**Exercise requirements**
Each line below that carries the string "SEGURIDAD" must appear in the answer.

**Records for this task**
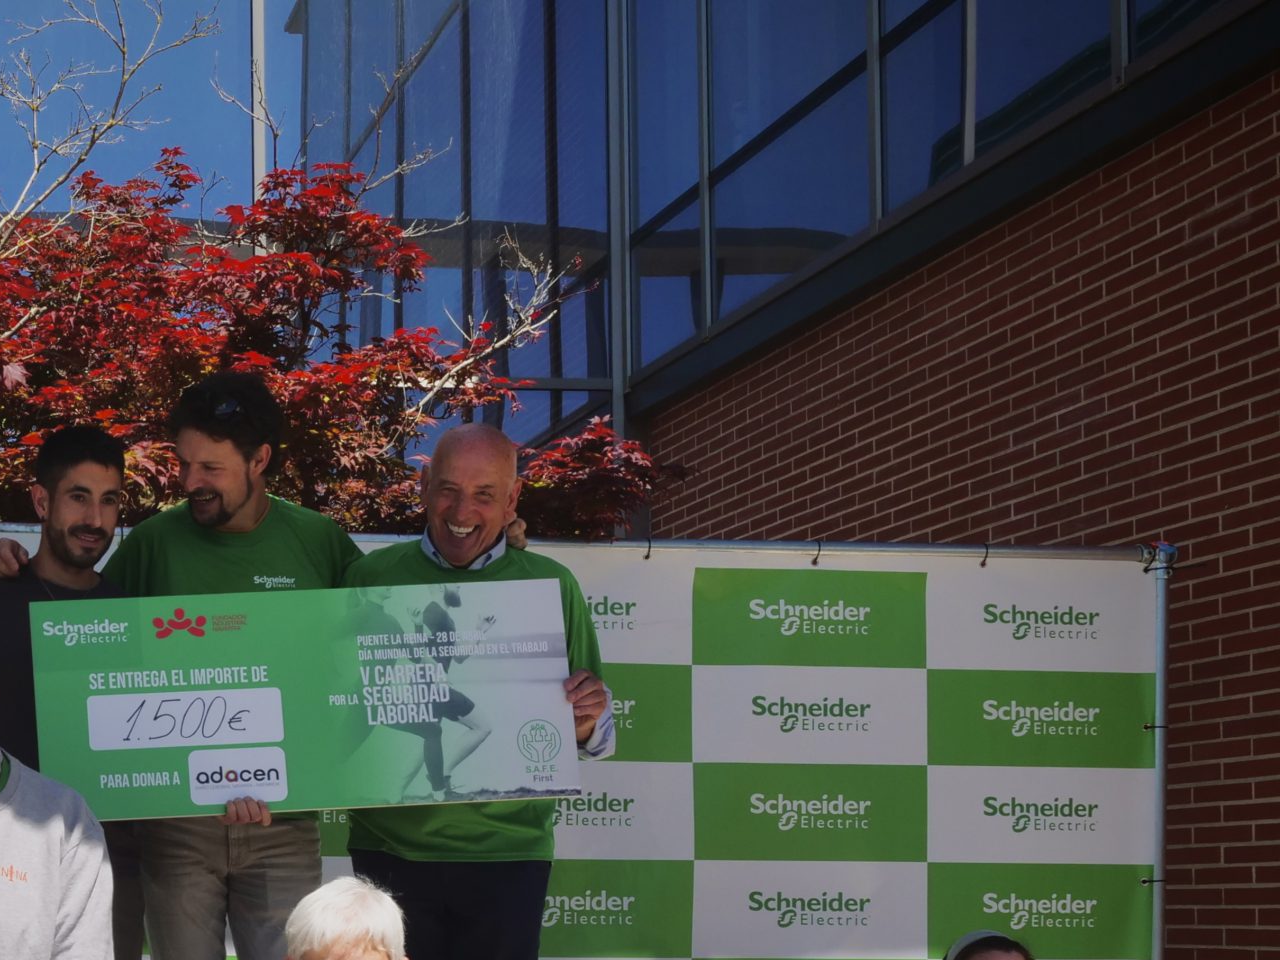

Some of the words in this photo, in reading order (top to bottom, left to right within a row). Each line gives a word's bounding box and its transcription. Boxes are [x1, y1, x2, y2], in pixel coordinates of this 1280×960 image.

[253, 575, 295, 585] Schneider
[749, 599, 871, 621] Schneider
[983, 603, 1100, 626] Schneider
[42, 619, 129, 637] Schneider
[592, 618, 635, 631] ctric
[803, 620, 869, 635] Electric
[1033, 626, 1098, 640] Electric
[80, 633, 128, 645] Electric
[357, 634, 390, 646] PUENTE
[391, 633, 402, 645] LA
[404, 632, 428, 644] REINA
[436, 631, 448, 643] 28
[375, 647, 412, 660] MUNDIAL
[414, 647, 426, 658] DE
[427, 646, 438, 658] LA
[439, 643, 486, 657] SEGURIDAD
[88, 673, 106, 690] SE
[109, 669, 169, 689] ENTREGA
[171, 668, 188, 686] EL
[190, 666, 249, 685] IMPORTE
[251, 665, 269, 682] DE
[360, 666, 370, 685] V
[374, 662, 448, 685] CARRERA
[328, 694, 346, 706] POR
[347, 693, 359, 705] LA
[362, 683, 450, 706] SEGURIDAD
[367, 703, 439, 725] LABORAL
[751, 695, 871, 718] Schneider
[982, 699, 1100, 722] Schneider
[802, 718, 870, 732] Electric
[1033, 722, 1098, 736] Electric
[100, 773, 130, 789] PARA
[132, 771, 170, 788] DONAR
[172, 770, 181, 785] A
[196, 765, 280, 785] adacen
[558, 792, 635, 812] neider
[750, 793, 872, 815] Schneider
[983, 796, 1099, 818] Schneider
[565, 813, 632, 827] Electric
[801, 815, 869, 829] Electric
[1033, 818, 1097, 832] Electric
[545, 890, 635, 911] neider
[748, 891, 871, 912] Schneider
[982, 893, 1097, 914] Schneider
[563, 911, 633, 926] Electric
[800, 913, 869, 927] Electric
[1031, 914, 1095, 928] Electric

**Answer space**
[439, 643, 486, 657] SEGURIDAD
[362, 683, 450, 706] SEGURIDAD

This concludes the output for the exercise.